=== Begin Enclosure ===
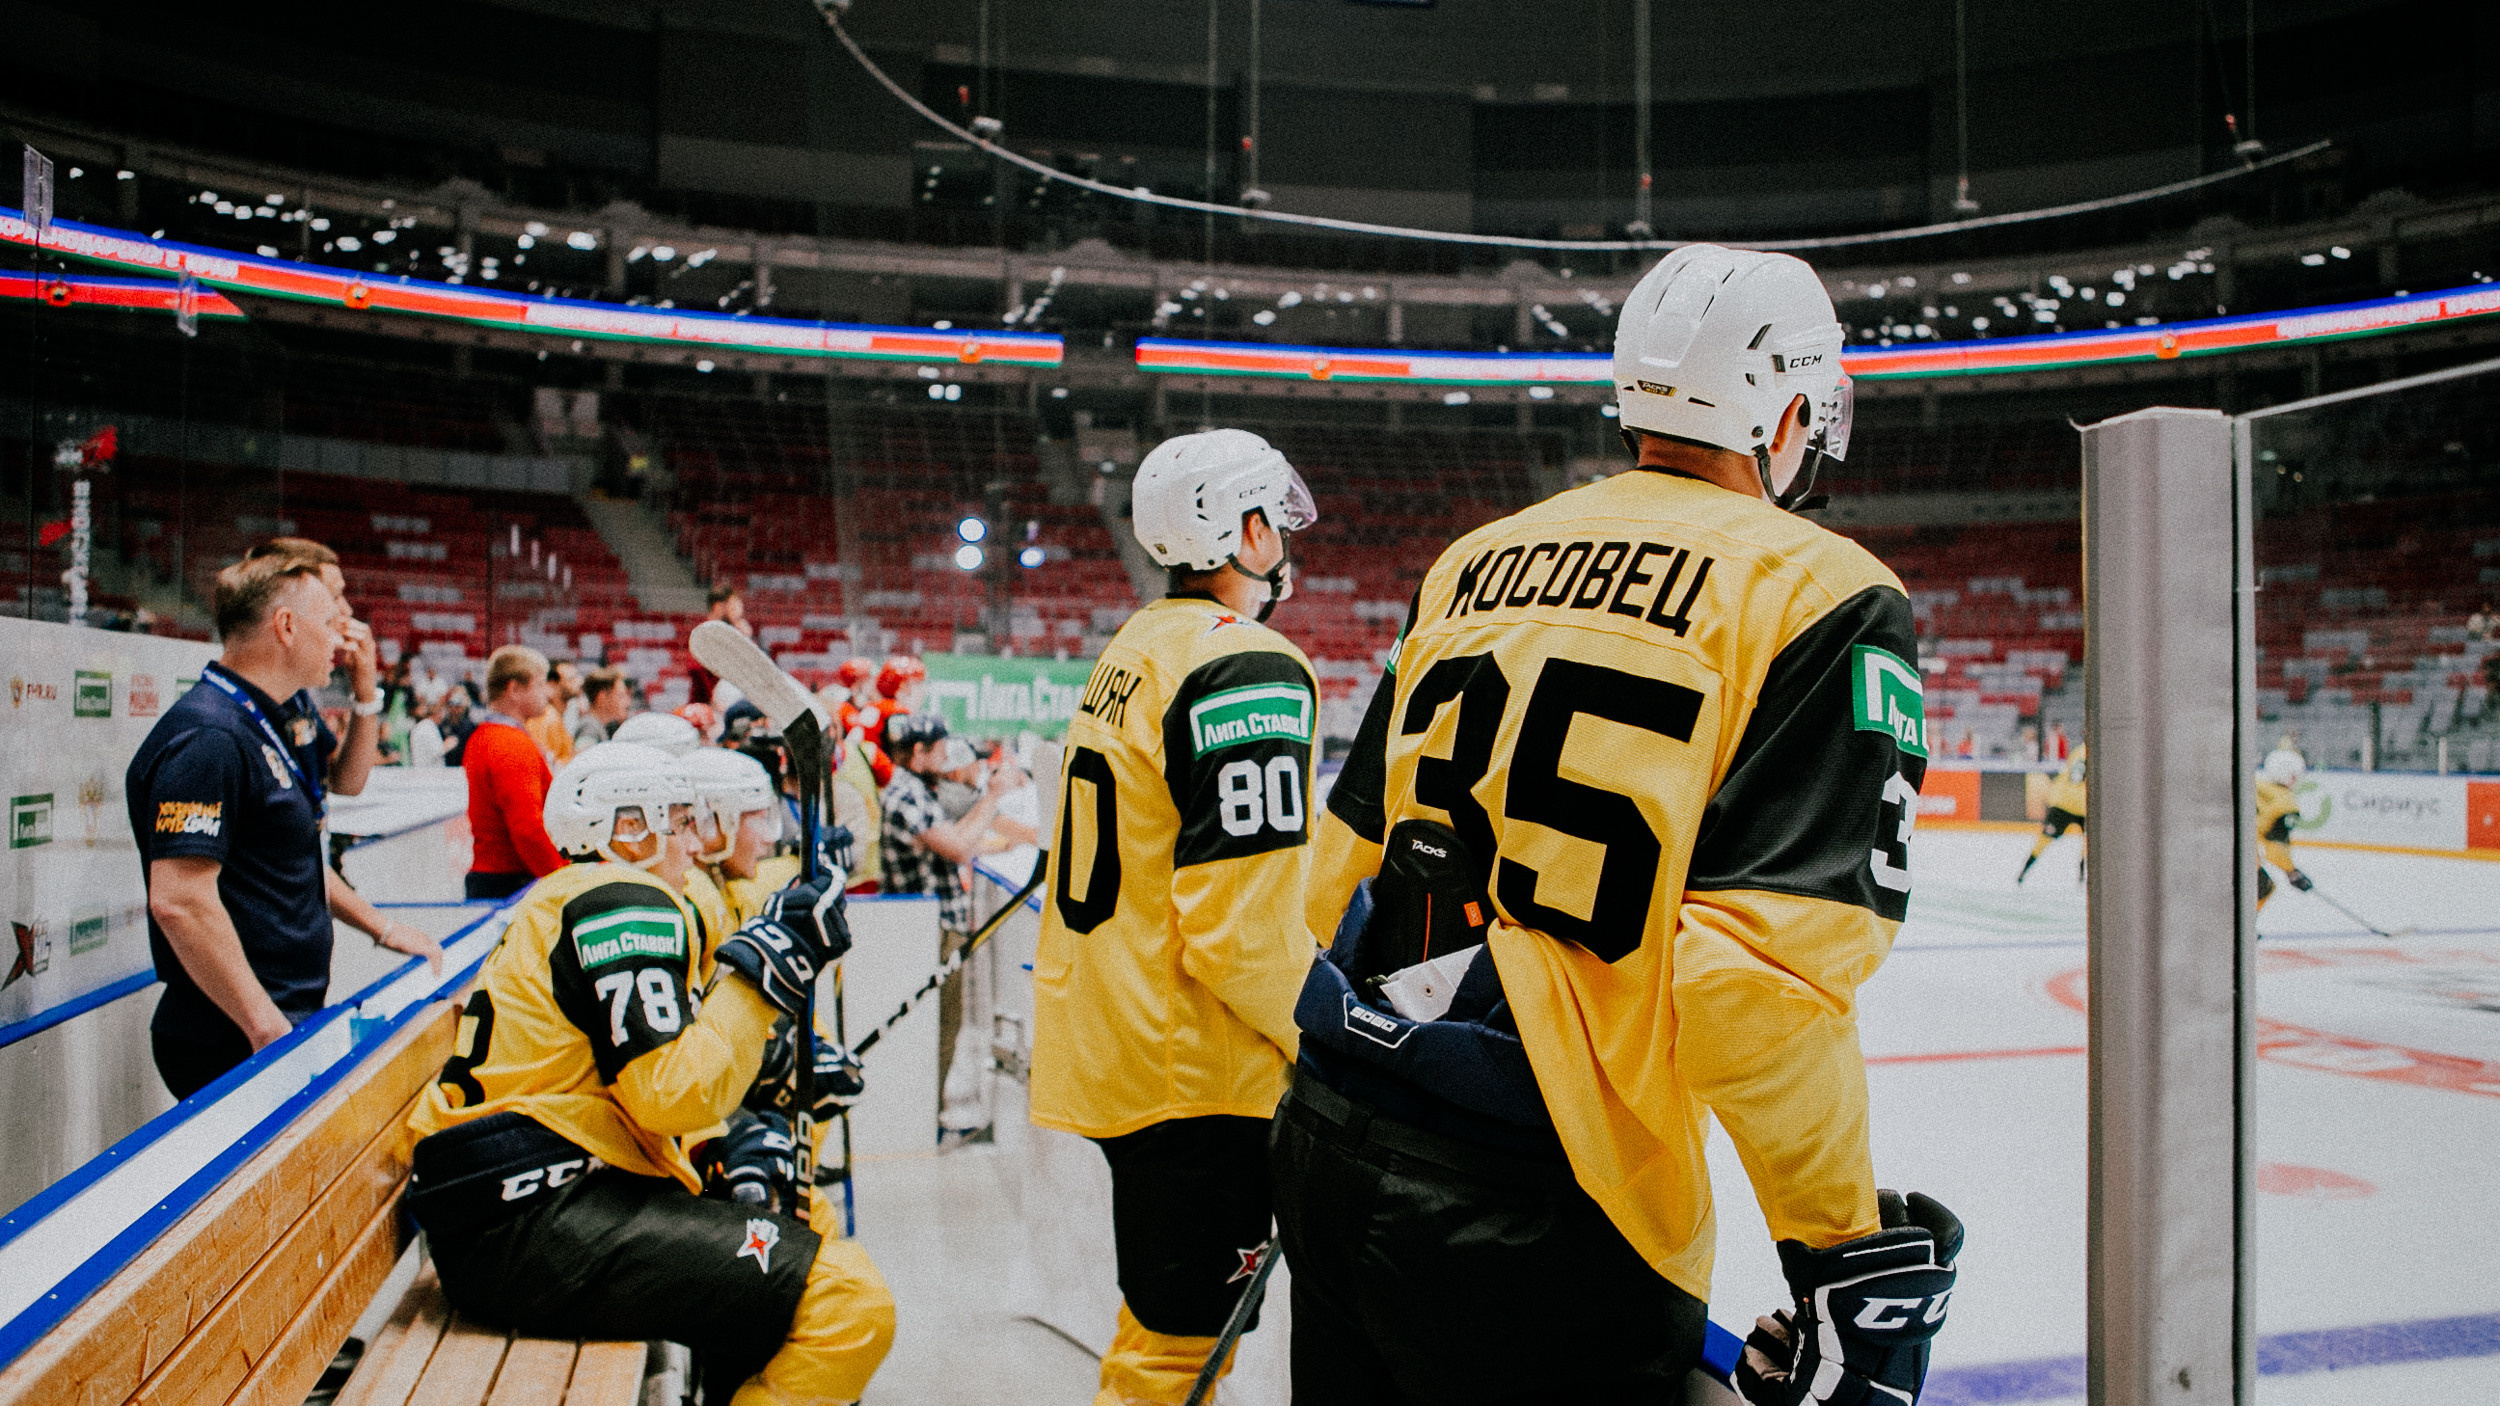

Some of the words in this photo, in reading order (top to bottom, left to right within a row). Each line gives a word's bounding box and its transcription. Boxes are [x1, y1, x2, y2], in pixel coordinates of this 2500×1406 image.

[1790, 354, 1822, 368] CCM
[1239, 485, 1266, 498] CCM
[1445, 542, 1715, 638] КОСОВЕЦ
[1204, 719, 1250, 747] ЛИГА
[1218, 756, 1304, 837] 80
[1401, 650, 1705, 964] 35
[1870, 771, 1919, 893] 3
[1056, 746, 1121, 935] 0
[1412, 840, 1447, 858] TACKS
[581, 938, 621, 967] ЛИГА
[619, 931, 675, 954] СТАВОК
[595, 968, 681, 1048] 78
=== End Enclosure ===
Reproduce all entries exactly. Pictures do not belong in the copy.

Some of the words in this photo, in reading order (top to bottom, left to right within a row). Each line gives a word's bounding box and its transcription. Boxes are [x1, y1, x2, y2], in pixel coordinates of this 2500×1406 image.

[1790, 354, 1822, 368] CCM
[1239, 485, 1266, 498] CCM
[1445, 542, 1715, 638] КОСОВЕЦ
[1204, 719, 1250, 747] ЛИГА
[1218, 756, 1304, 837] 80
[1401, 650, 1705, 964] 35
[1870, 771, 1919, 893] 3
[1056, 746, 1121, 935] 0
[1412, 840, 1447, 858] TACKS
[581, 938, 621, 967] ЛИГА
[619, 931, 675, 954] СТАВОК
[595, 968, 681, 1048] 78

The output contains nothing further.